Es war keine grosse Kunst meine Golffreundin Christoph dazu zu motivieren, mich trotz Niederschlag zu begleiten. Und so latschten wir bei strömendem Regen (und der Hoffnung: dahinten reisst eh gleich auf) durch den Golfpark Böhmerwald. Temperatur: 12° und wir waren beide nach nur 9 gespielten Löchern ungefähr so wässrig wie Floßhilde, Wellgunde und Woglinde: ihres Zeichens die Rheintöchter aus Wagners 1.Teil des Ring des Nibelungen. Regen und Wind kommentiert der durchschnittliche Golfer mit den Worten: „schottische Verhältnisse“, lächelt kurz und spielt weiter.

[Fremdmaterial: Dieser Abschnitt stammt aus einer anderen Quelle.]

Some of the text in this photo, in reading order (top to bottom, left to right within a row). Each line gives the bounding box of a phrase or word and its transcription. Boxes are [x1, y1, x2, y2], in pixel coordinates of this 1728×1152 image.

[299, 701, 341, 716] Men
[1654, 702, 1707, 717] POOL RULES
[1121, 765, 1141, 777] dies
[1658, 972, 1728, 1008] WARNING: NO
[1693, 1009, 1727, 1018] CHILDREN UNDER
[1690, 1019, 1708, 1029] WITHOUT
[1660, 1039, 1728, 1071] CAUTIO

Danach gehts in die heimische Sauna und unter die Dusche und spätestens dann hätte ein tautologischer jugendlicher Jungspund den Regen vergessen. Dummer weise ist der Waltl halt kein Jungspund mehr, sondern seit über 4 Jahren statistisch in seiner zweiten Lebenshälfte angekommen. Am Montag früh spürte ich dann bereits ein leichtes Ziehen in der rechten Schulter. Dieses Ziehen entwickelte sich bis zum Abend zu einem Stechen und nächtens dann zu einer medizinischen Katastrophe, die mir den Schlaf raubte. Jetzt muss ich gleich dazusagen, dass ich kein wehleidiger Mensch (oder sollte ich sagen Mann) bin, sondern ich schaffe es relativ gut, mir Schmerzen wegzudenken oder gleich zu vergessen. Aber in diesem Fall konnte ich nicht umhin, denn ich war wirklich am Ende.

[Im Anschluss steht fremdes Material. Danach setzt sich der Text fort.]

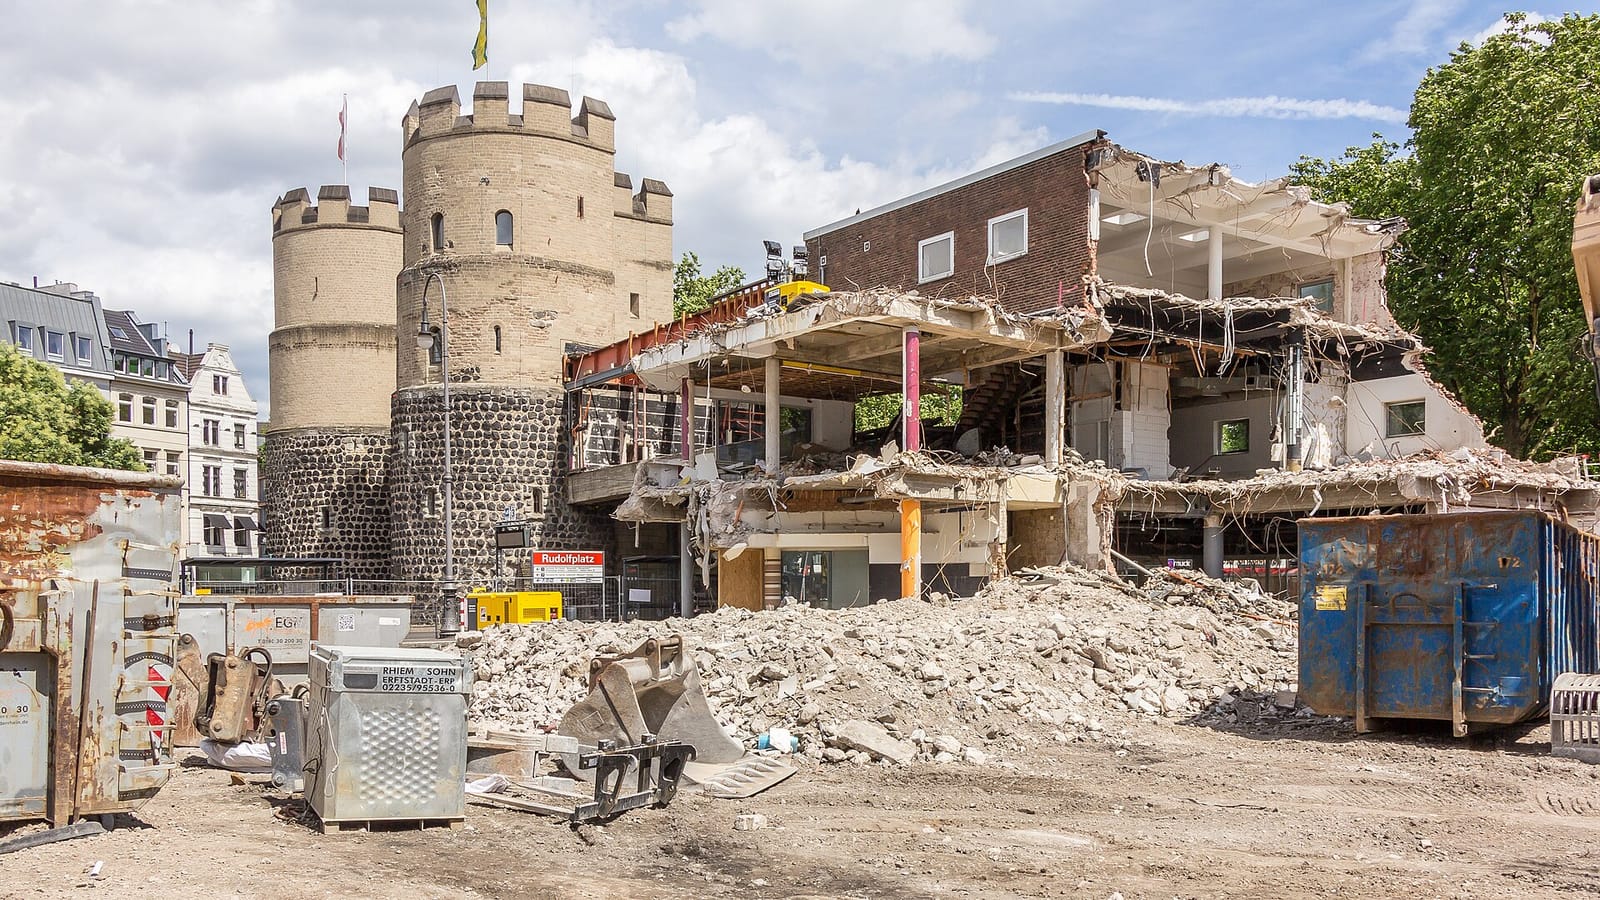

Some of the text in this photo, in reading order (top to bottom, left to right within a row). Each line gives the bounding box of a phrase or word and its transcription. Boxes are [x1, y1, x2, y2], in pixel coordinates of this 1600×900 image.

[542, 554, 594, 564] Rudolfplatz
[383, 667, 456, 676] RHIEM SOHN
[382, 684, 455, 692] 02235/95536-0
[16, 705, 28, 713] 30
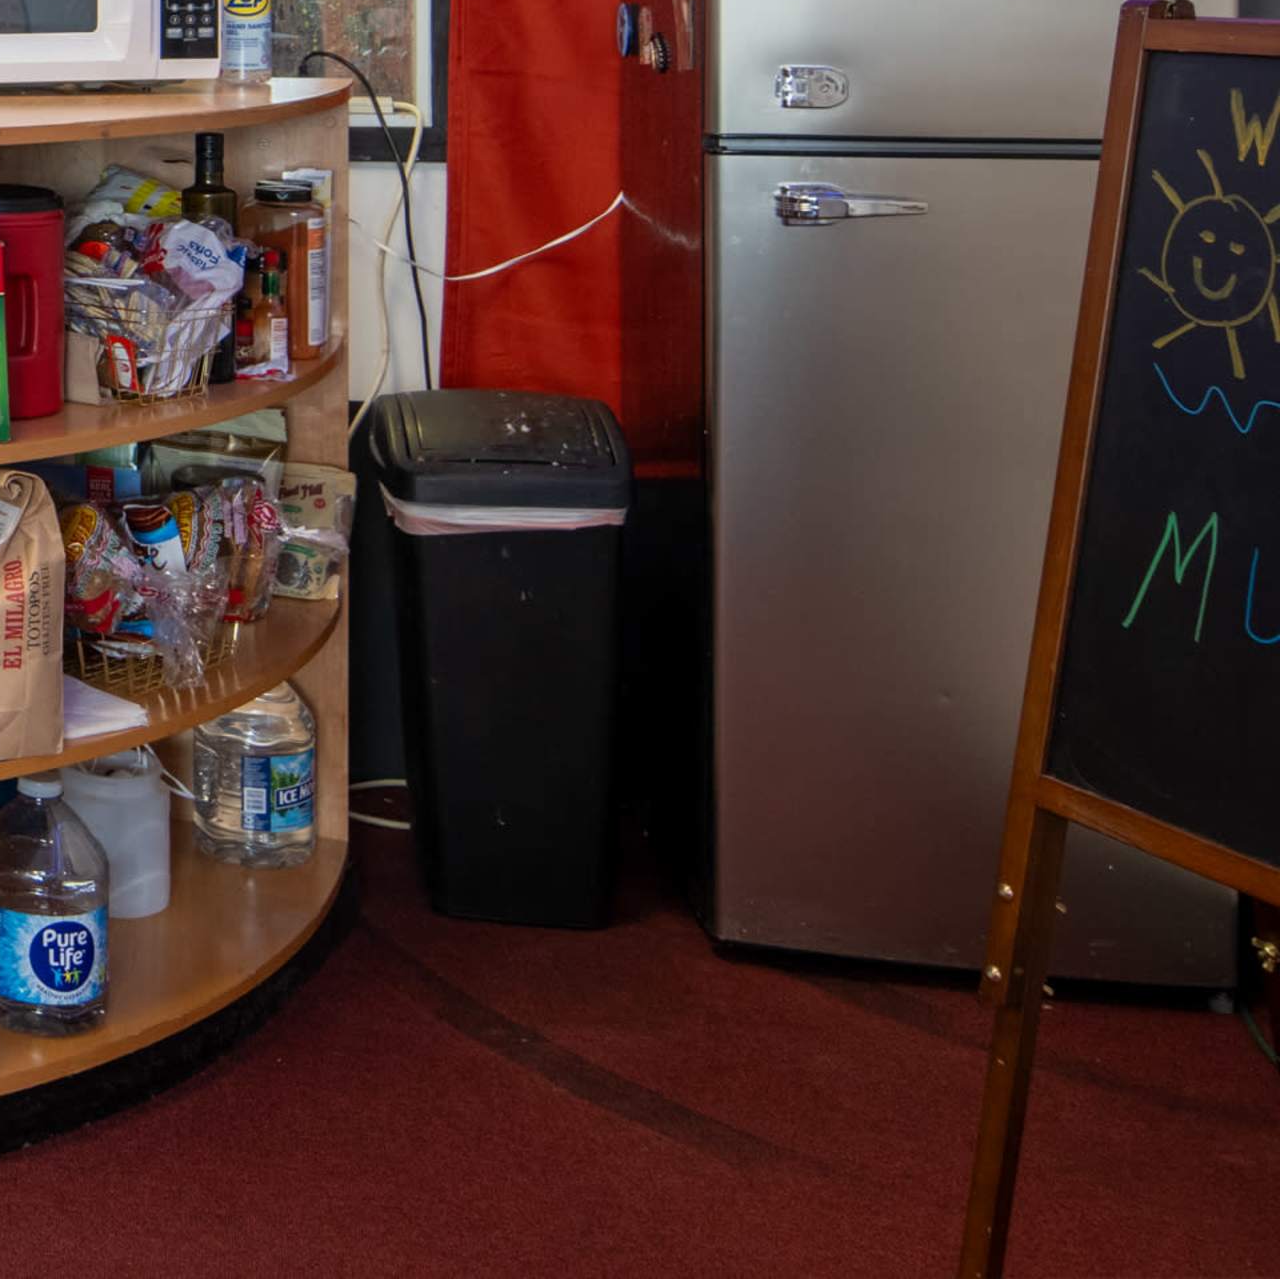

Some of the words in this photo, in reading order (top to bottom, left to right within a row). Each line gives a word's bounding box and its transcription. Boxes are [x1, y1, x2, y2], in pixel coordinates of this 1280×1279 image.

Aber man möchte ja den nächsten Termin einhalten und so setzte ich mich trotz Schlafmangel in mein Auto Richtung Kundentermin. Und ich bin sogar noch 40 km gefahren, bevor mein Körper W.O. gegeben hat und ich einen Kreislaufzusammenbruch bekam. Der nächste Schritt war dann die Notaufnahme im Krankenhaus in Schwarzach, wo zuerst mein Kreislauf analysiert wurde und ich dann an die Orthopädie weitergereicht wurde. Meine Schulter wurde infiltriert und mir Schmerztabletten für später ausgehändigt. Auf die ärztliche Frage, ob ich mir vorstellen könnte, woher ich die lädierte Schulter haben könnte, musste ich von meinem sonntäglichen Regen-Flight erzählen und erhielt vom Arzt ein müdes Lächeln und von seinem Assistenten ein: „cool ich habe auch gerade Platzreife gemacht!“.

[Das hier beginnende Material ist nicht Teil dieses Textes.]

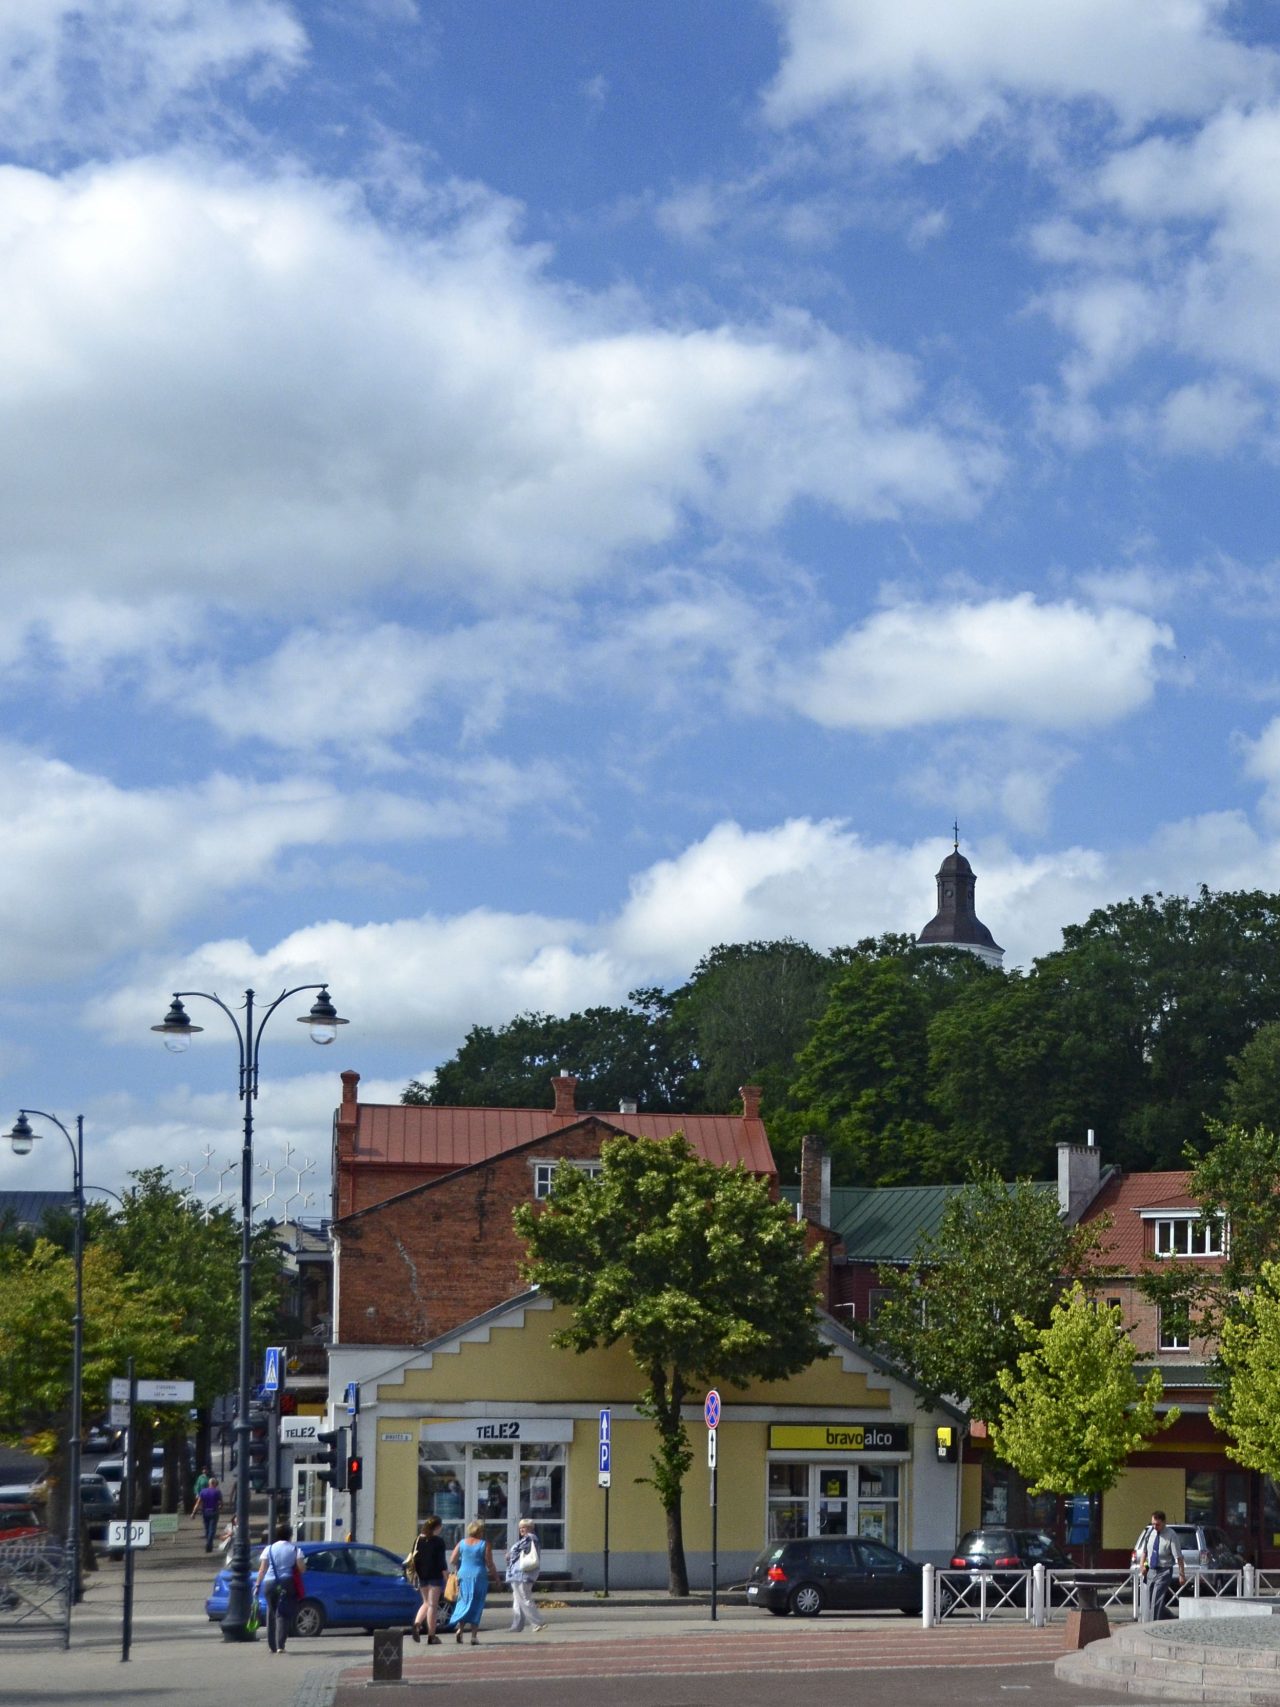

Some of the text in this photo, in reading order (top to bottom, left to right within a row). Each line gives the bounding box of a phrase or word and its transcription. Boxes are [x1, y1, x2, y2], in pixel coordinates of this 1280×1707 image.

[285, 1426, 316, 1438] TELE2
[476, 1421, 520, 1439] TELE2
[826, 1427, 893, 1446] bravoalco
[601, 1444, 608, 1470] P
[115, 1526, 144, 1541] STOP

Soweit so schlecht: jedenfalls war ich die Tage darauf größtenteils zum Nichtstun gezwungen, weil meine eingeschränkte rechte Schulter mich an so fast allem hinderte, was man halt so macht im Laufe eines Tages und Nächtens. Aber ok, dann wird halt ein andermal Holz gehakt, Rasen mit der Sense gemäht oder die Welt gerettet (was man halt so macht – als Mann). Ich musste 3 Spiele die ich mit Kollegen über Wochen verabredet habe, absagen und in mir keimten jede Menge apokalyptischer Gedanken: Werde ich je wieder Golf spielen können? Werde ich die Kugel jemals wieder weiter als 20 Meter schlagen können? Werde ich jemals wieder das Gefühl erleben, meinen Ball bei einem Par 3 direkt vom Abschlag aufs Grün zu platzieren? Werden mich andere Golfer meiden, verstossen und missachten? Bin ich überhaupt noch lebensberechtigt?

Die Nicht-Golfer unter Euch werden solche Gedanken nicht verstehen. Jeder Golfer der diese Zeilen gelesen hat wird hingegen mit mir leiden, denn Golf ist und bleibt ein wunder…

SCHÖNES SPIEL 🙂

P.S.: Morgen hab ich nach 10 Tagen Pause wieder eine Abschlagszeit! Haltet mir die Daumen!